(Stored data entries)
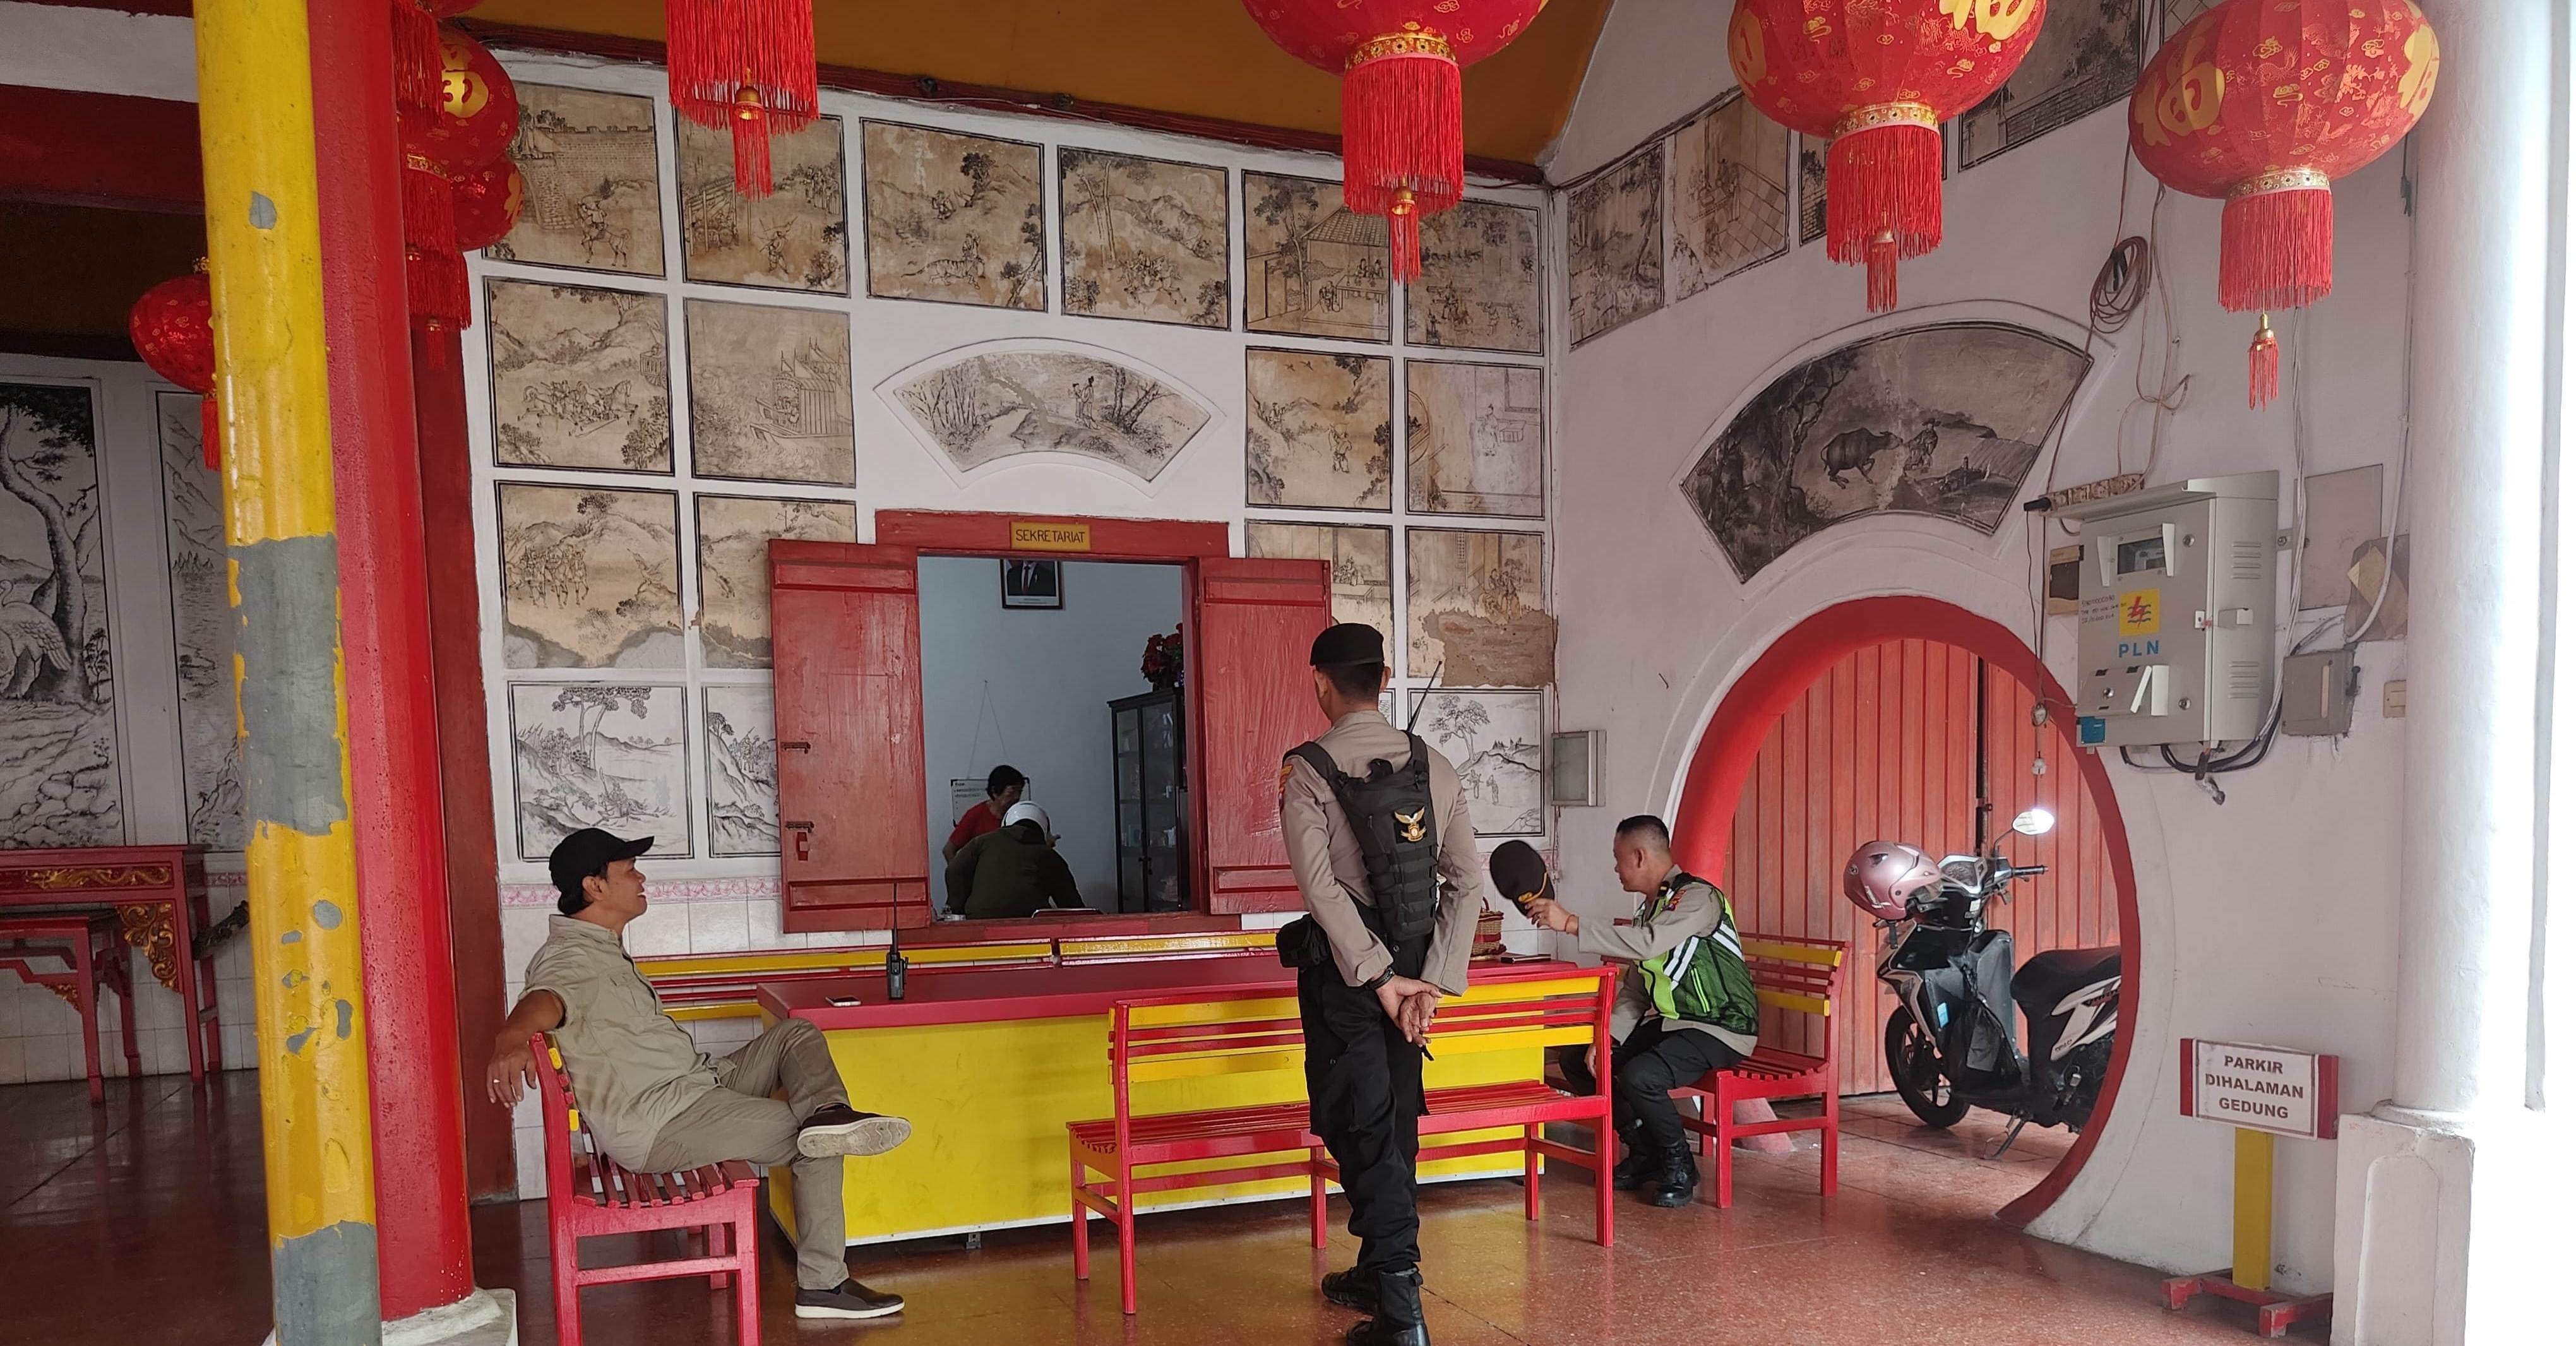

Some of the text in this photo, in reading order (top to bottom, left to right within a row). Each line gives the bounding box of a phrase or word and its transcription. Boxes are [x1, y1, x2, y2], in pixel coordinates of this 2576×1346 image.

[1015, 528, 1086, 544] SEKRETARIAT
[2118, 640, 2159, 658] PLN
[2224, 1055, 2284, 1075] PARKIR
[2205, 1073, 2304, 1099] DIHALAMAN
[2219, 1097, 2289, 1119] GEDUNG
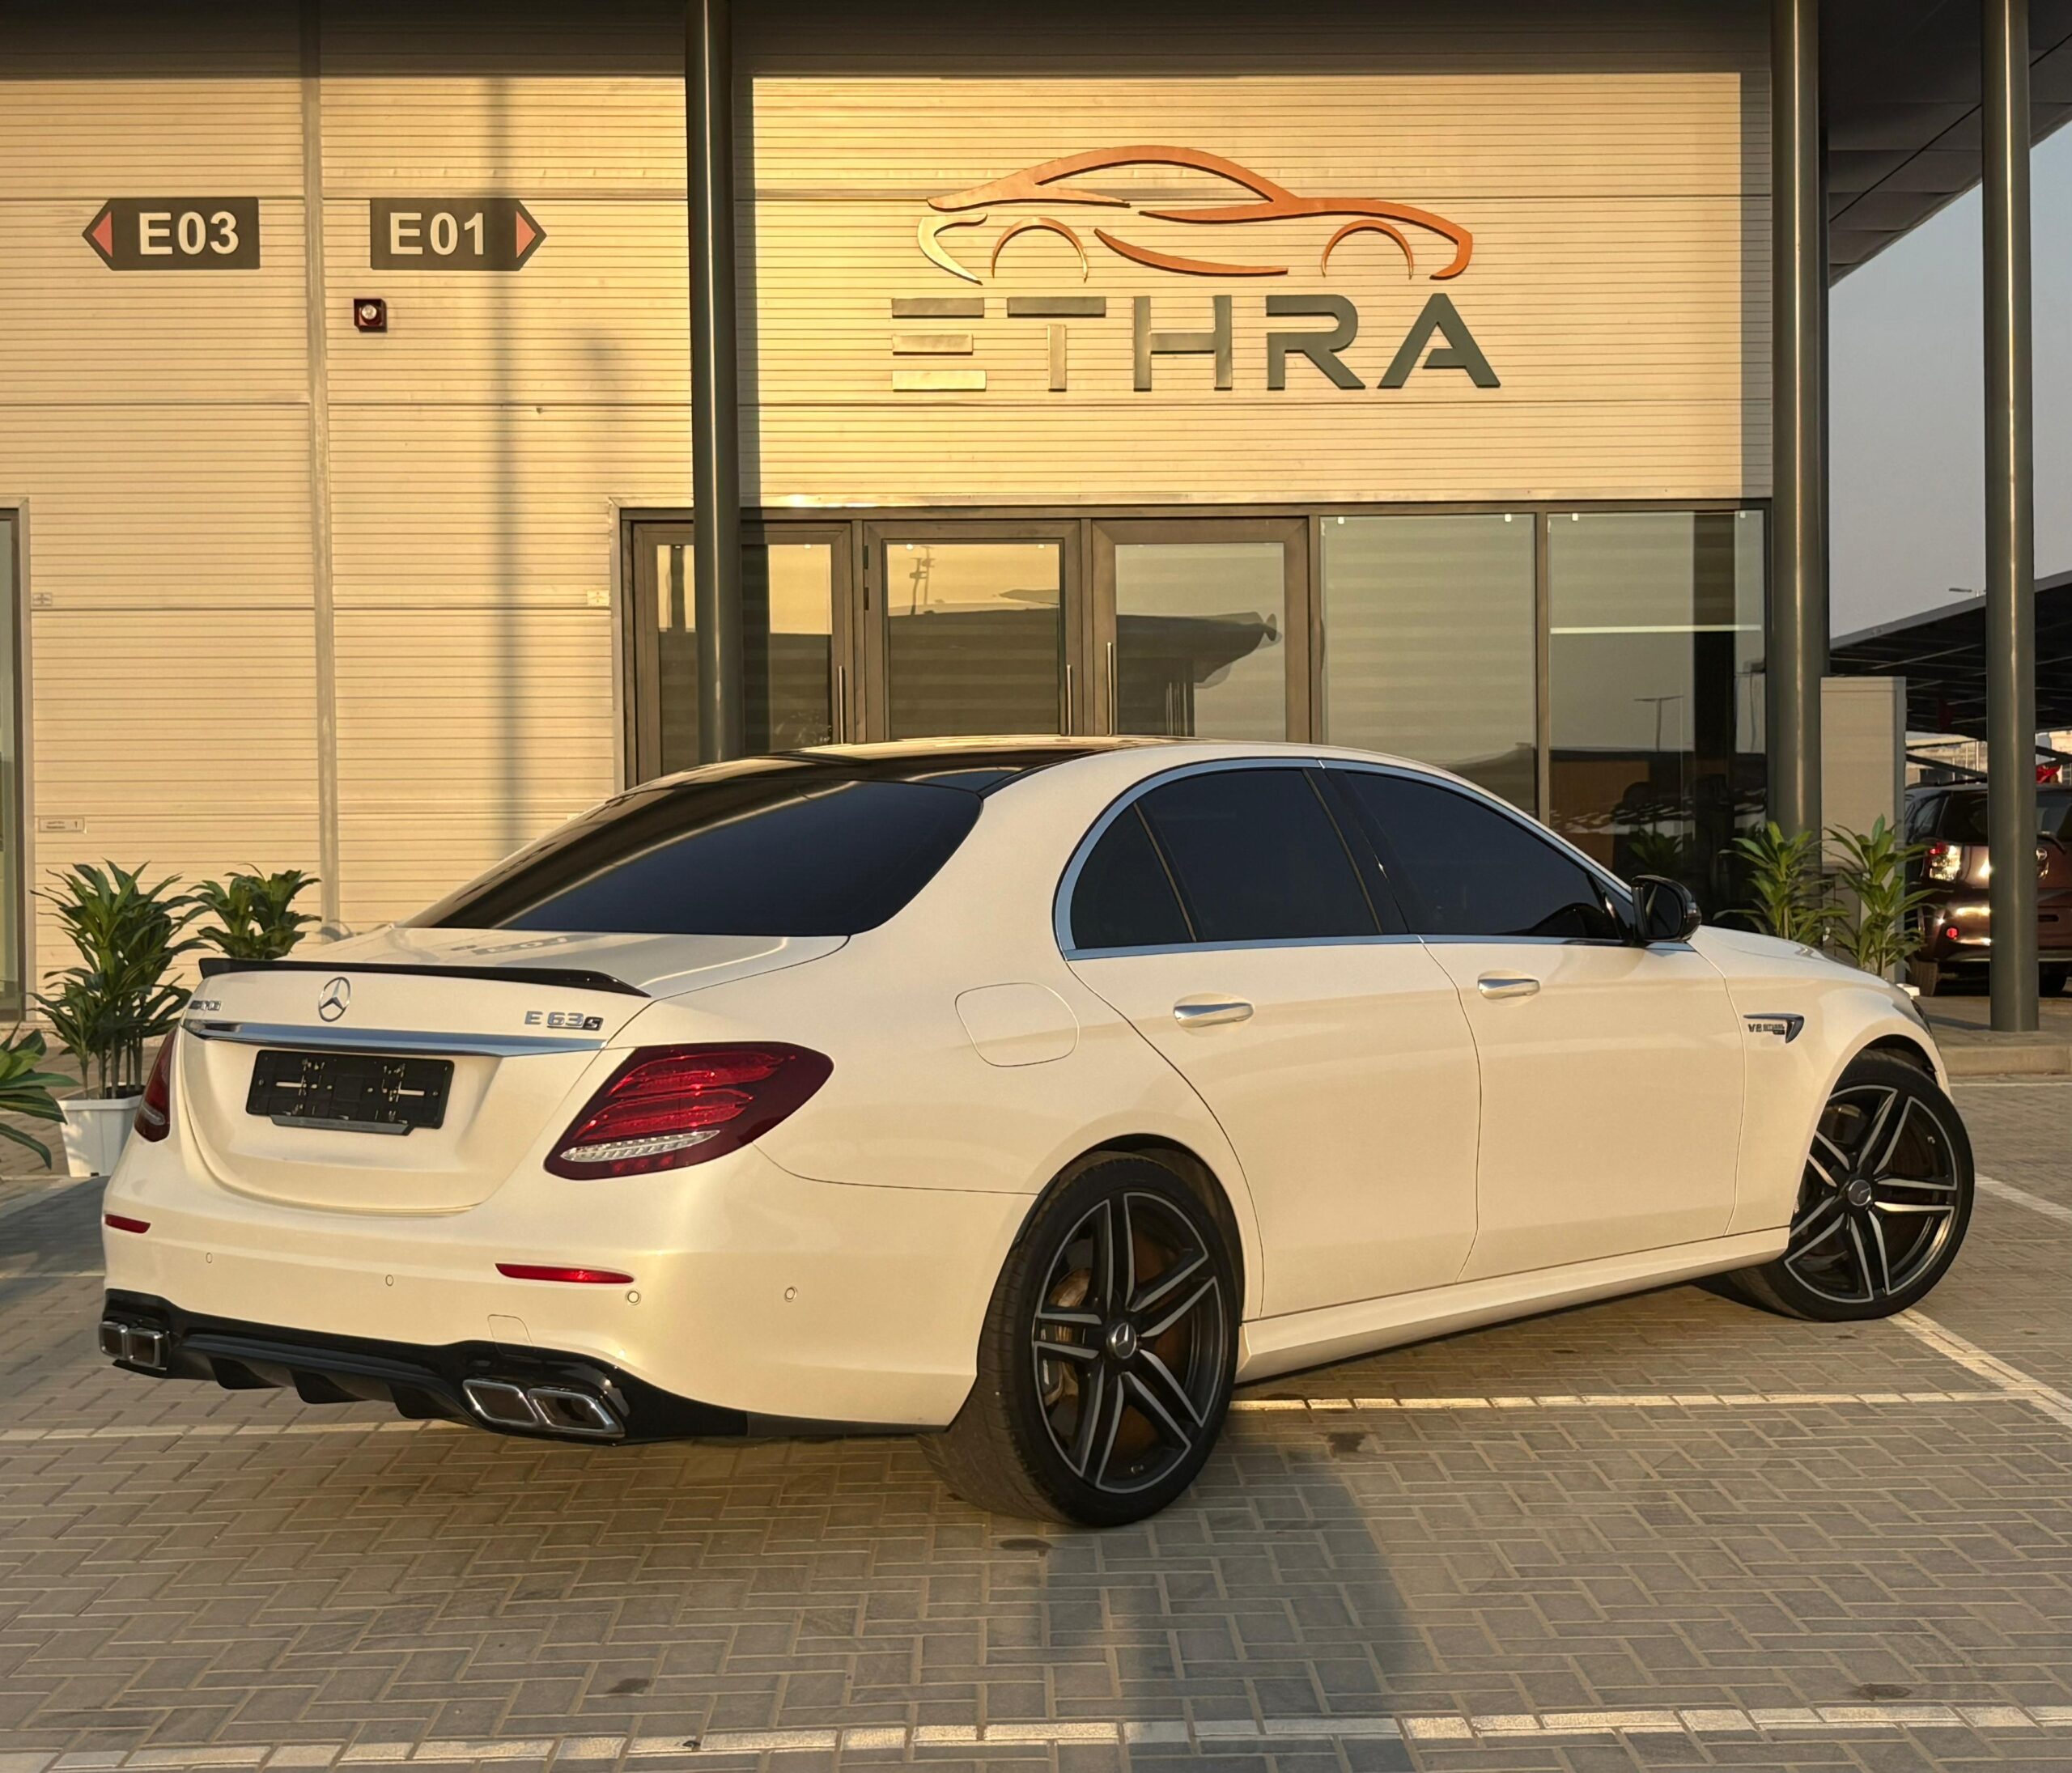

__Exercise objective__
Reproduce the data word for word; no pictures.

__Finished task__
Some of the text in this photo, in reading order (top to bottom, left to right within a row). Each line gives the bounding box of a phrase or word and its transcription. Boxes are [x1, y1, x2, y2], in pixel coordinates of this 2576×1346 image.

[1015, 528, 1086, 544] SEKRETARIAT
[2118, 640, 2159, 658] PLN
[2224, 1055, 2284, 1075] PARKIR
[2205, 1073, 2304, 1099] DIHALAMAN
[2219, 1097, 2289, 1119] GEDUNG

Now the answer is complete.